▸ Data listing:
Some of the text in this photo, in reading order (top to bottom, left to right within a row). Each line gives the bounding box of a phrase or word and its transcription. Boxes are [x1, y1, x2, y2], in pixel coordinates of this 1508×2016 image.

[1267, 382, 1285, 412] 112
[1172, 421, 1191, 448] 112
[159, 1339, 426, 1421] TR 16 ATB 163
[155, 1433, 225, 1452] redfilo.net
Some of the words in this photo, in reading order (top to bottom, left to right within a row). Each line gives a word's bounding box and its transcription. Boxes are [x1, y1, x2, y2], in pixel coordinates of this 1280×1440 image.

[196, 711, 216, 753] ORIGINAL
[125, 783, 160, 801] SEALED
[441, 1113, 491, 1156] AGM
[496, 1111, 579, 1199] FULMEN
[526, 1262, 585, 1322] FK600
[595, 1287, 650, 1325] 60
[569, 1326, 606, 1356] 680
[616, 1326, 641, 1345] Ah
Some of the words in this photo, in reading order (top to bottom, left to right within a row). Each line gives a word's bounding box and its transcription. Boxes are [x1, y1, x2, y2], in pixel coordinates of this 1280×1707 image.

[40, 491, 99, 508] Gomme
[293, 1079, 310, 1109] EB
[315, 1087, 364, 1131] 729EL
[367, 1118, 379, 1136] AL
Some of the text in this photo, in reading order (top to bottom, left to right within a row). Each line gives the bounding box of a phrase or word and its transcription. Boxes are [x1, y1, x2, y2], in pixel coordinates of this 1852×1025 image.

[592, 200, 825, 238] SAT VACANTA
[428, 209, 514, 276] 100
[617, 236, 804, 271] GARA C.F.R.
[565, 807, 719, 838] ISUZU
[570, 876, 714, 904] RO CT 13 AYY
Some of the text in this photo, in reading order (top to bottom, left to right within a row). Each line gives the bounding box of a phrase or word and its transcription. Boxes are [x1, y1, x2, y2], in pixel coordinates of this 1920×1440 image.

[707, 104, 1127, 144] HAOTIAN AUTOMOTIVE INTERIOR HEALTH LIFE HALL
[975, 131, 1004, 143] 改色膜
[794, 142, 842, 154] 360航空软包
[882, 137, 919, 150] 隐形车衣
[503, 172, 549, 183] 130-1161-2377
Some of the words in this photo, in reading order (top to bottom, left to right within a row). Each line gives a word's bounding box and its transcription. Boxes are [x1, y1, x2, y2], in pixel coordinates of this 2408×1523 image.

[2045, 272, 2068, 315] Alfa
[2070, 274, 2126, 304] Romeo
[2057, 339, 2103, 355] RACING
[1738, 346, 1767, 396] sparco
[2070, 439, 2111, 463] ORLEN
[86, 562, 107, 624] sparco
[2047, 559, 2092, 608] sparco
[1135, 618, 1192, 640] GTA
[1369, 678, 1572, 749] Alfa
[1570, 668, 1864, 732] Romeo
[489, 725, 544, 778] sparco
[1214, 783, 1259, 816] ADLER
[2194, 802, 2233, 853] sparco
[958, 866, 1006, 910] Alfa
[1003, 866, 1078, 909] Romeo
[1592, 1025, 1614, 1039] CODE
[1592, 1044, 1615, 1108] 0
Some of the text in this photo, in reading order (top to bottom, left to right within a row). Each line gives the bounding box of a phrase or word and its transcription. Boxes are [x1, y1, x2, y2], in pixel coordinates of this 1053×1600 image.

▸ Exercise prompt:
Take the entries above and repeat them verbatim.

▸ Task output:
Some of the text in this photo, in reading order (top to bottom, left to right within a row). Each line gives the bounding box of a phrase or word and its transcription. Boxes are [x1, y1, x2, y2], in pixel coordinates of this 1508×2016 image.

[1267, 382, 1285, 412] 112
[1172, 421, 1191, 448] 112
[159, 1339, 426, 1421] TR 16 ATB 163
[155, 1433, 225, 1452] redfilo.net
Some of the words in this photo, in reading order (top to bottom, left to right within a row). Each line gives a word's bounding box and its transcription. Boxes are [x1, y1, x2, y2], in pixel coordinates of this 1280×1440 image.

[196, 711, 216, 753] ORIGINAL
[125, 783, 160, 801] SEALED
[441, 1113, 491, 1156] AGM
[496, 1111, 579, 1199] FULMEN
[526, 1262, 585, 1322] FK600
[595, 1287, 650, 1325] 60
[569, 1326, 606, 1356] 680
[616, 1326, 641, 1345] Ah
Some of the words in this photo, in reading order (top to bottom, left to right within a row). Each line gives a word's bounding box and its transcription. Boxes are [x1, y1, x2, y2], in pixel coordinates of this 1280×1707 image.

[40, 491, 99, 508] Gomme
[293, 1079, 310, 1109] EB
[315, 1087, 364, 1131] 729EL
[367, 1118, 379, 1136] AL
Some of the text in this photo, in reading order (top to bottom, left to right within a row). Each line gives the bounding box of a phrase or word and its transcription. Boxes are [x1, y1, x2, y2], in pixel coordinates of this 1852×1025 image.

[592, 200, 825, 238] SAT VACANTA
[428, 209, 514, 276] 100
[617, 236, 804, 271] GARA C.F.R.
[565, 807, 719, 838] ISUZU
[570, 876, 714, 904] RO CT 13 AYY
Some of the text in this photo, in reading order (top to bottom, left to right within a row). Each line gives the bounding box of a phrase or word and its transcription. Boxes are [x1, y1, x2, y2], in pixel coordinates of this 1920×1440 image.

[707, 104, 1127, 144] HAOTIAN AUTOMOTIVE INTERIOR HEALTH LIFE HALL
[975, 131, 1004, 143] 改色膜
[794, 142, 842, 154] 360航空软包
[882, 137, 919, 150] 隐形车衣
[503, 172, 549, 183] 130-1161-2377
Some of the words in this photo, in reading order (top to bottom, left to right within a row). Each line gives a word's bounding box and its transcription. Boxes are [x1, y1, x2, y2], in pixel coordinates of this 2408×1523 image.

[2045, 272, 2068, 315] Alfa
[2070, 274, 2126, 304] Romeo
[2057, 339, 2103, 355] RACING
[1738, 346, 1767, 396] sparco
[2070, 439, 2111, 463] ORLEN
[86, 562, 107, 624] sparco
[2047, 559, 2092, 608] sparco
[1135, 618, 1192, 640] GTA
[1369, 678, 1572, 749] Alfa
[1570, 668, 1864, 732] Romeo
[489, 725, 544, 778] sparco
[1214, 783, 1259, 816] ADLER
[2194, 802, 2233, 853] sparco
[958, 866, 1006, 910] Alfa
[1003, 866, 1078, 909] Romeo
[1592, 1025, 1614, 1039] CODE
[1592, 1044, 1615, 1108] 0
Some of the text in this photo, in reading order (top to bottom, left to right within a row). Each line gives the bounding box of a phrase or word and its transcription. Boxes are [x1, y1, x2, y2], in pixel coordinates of this 1053×1600 image.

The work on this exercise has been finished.